MHA'ya konuşan İstanbul Üniversitesi eğitim görevlisi ve Orta Doğu uzmanı Nuray Mert, geçtiğimiz günlerde Hamas'ın bürsonu Katar'dan Türkiye'ye taşıyacağı ve Türkiye'nin Hamas ile olan ilişkilerini neden geliştirmek istediği hakkında "Türkiye'deki yönetim, her zaman farklı nedenlerden dolayı Hamas ile yakın ilişkiler kurmak istiyordu. İlk olarak Hamas, Filistinlilerin müslüman ülkelerdeki en meşru temsilcisidir. İkincisi önemli konu ise AKP yönetimi ve Hamas, ideolojik açıdan birbirlerine yakınlar. Türkiye-Hamas yakınlığının Filistin müzakerelerinin sonuca varması açısından önemli olması da başka bir konudur. Türkiye yönetimi, dış politikalarındaki başarısızlıkları geride bırakmak için Hamas'a yakınlaşmaya çalışıyor. Türkiye, Orta Doğu politikalarında etkili olmaya çalışıyor ve Hamas da bu konuda uygun bir olanak sağlıyor. Ayrıca Hamas da Suriye krizinin başlamasından bu yana, bazı politikalarını değiştirdi ve eskiden işbirliği yaptığı ülkelerden uzaklaştı. Suriye krizinin başlamasından 3 yıl sonra bugün, batılı ülkeler ve Sünni yandaları tarafından belirlenen politikaların tamamen başarısız olması ile Suriye'deki duurmların tamamen değiştiğini görüyoruz" dedi.
Katar'ın Suudi Arabistan'a yakınlaşmak için Müslüman Kardeşler karşısında aldığı yeni tutum ve bu olayın Türkiye'nin Müslüman Kardeşler'e verdiği destek üzerindeki etkisi hakkında ise Mert, "Türkiye, Müslüman Kardeşler'e verdiği desteği arttırabilir, ama Müslüman Kardeşler'in bölge politikalarında şimdilik bir yeri olduğunu düşünmüyorum. Müslüman Kardeşler'in güç kaybetmesi, sadece askeri darbe nedeni ile gerçekleşmemiştir. Müslüman Kardeşler, batıdan aldığı desteği de kaybetmiş ve ayrıca liderleri de, Mısır'ın demokrasiye ulaşması için verdikleri sözleri tutmayacaklarını göstermişlerdi. Batılı ülkelerin Müslüman Kardeşler'e verdikleri desteği durdurmalarının asıl nedeni, bu grubun aşırıcılık ve radikalizmden mesafeli davranamamaları oldu" dedi.
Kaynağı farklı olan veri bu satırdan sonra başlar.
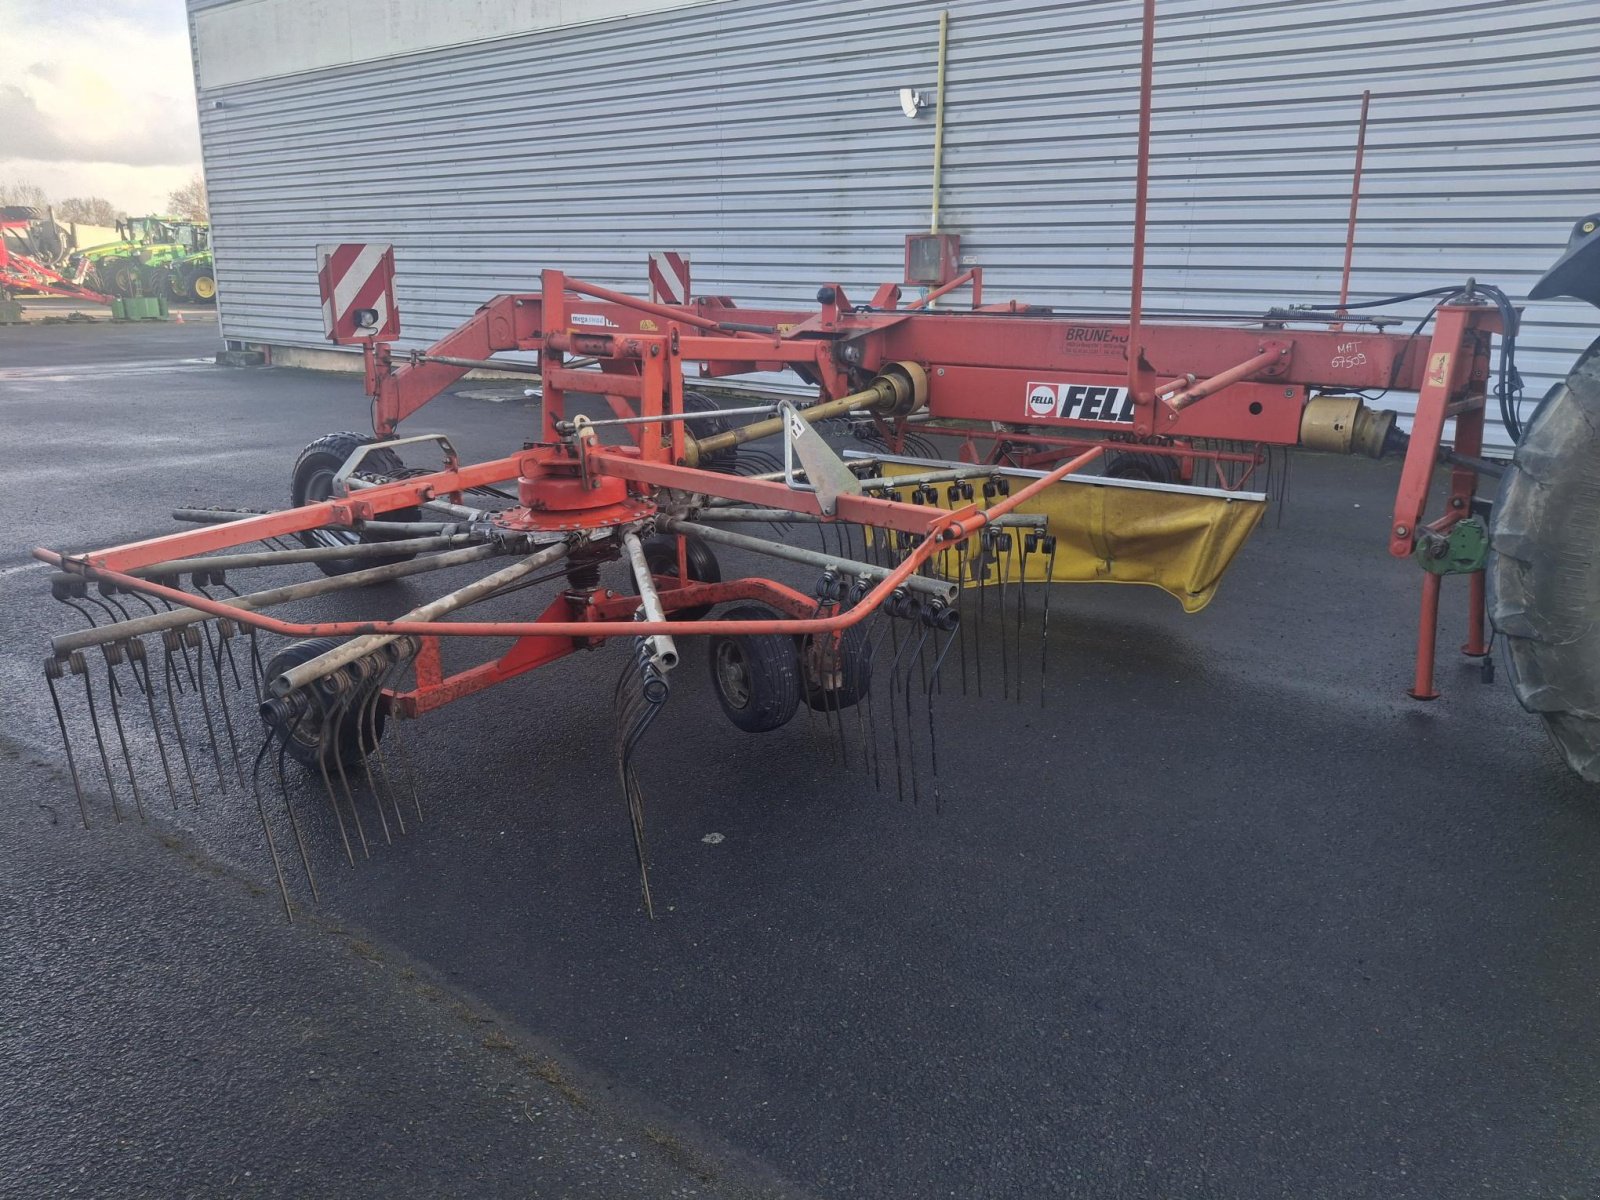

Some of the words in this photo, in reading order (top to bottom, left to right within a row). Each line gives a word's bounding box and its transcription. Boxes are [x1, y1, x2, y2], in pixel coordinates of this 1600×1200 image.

[1337, 341, 1362, 354] MAT
[1030, 395, 1054, 405] FELLA
[1060, 386, 1135, 422] FELL
Mert açıklamasının devamında, "Sadece Tunus'ta Raşid Gannuşi, batılı ülkeler tarafından uygulanan tüm baskılara rağmen, ılımlı bir yol çizebilmişti. Eğer Gannuşi de Müslüman Kardeşler gibi Türkiye'nin verdiği önerileri uygulasaydı, şimdiki konumuna ulaşamazdı. Hatta bazı Müslüman Karşeşler üyelerinin de Türkiye'nin politik önerilerine karşı oldukları biliniyor. Arap Baharı sırasında yaşanan olaylar, sadece Müslüman Kardeşler'in yetersiz oldukları ve aşırıcı gruplardan mesafeli olmadıklarını göstermenin yanısıra, bu grubun sadece batılı ülkeler tarafından verilen destek ile güç kazandıkları ve batı olmadan, hiçbir çalışma ilerletemeyeceklerini de gösterdi" dedi.
Suriye Cumhurbaşkanı Danışmanı Bouthania Şaban'ın Mısır ve cumhurbaşkanı Abdülfettah el-Sisi'yi Suriye'nin dostları olarak tanımlaması ile birlikte, Mısır'ın Suriye politikalarını değiştirmek ve Esed'in yönetimde kalabilmesi konusunda Arabistan'ı ikna edip, etmeyeceği hakkında ise Mert, "Bu konuda yapılan açıklamayı bilmiyorum ama genel olarak Suriye krizinin en iyi çözümü, büyük bir koalisyon ve birlik oluşmasıdır. Sünni-Batılı birliğin, Protestocular adı altındaki aşırıcı İslami örgütlerin yarattığı tehlikelerin farkına vardıkları düşüncesindeyim. Ama Esed'i destekleyen güçler de Esed'in de orta yol bulunması için çalışmalar yapması ve hatta gücün el değişmesi veya bölünmesi konularını da göz önüne alması gerektiğini kabullenmelilerdir" dedi.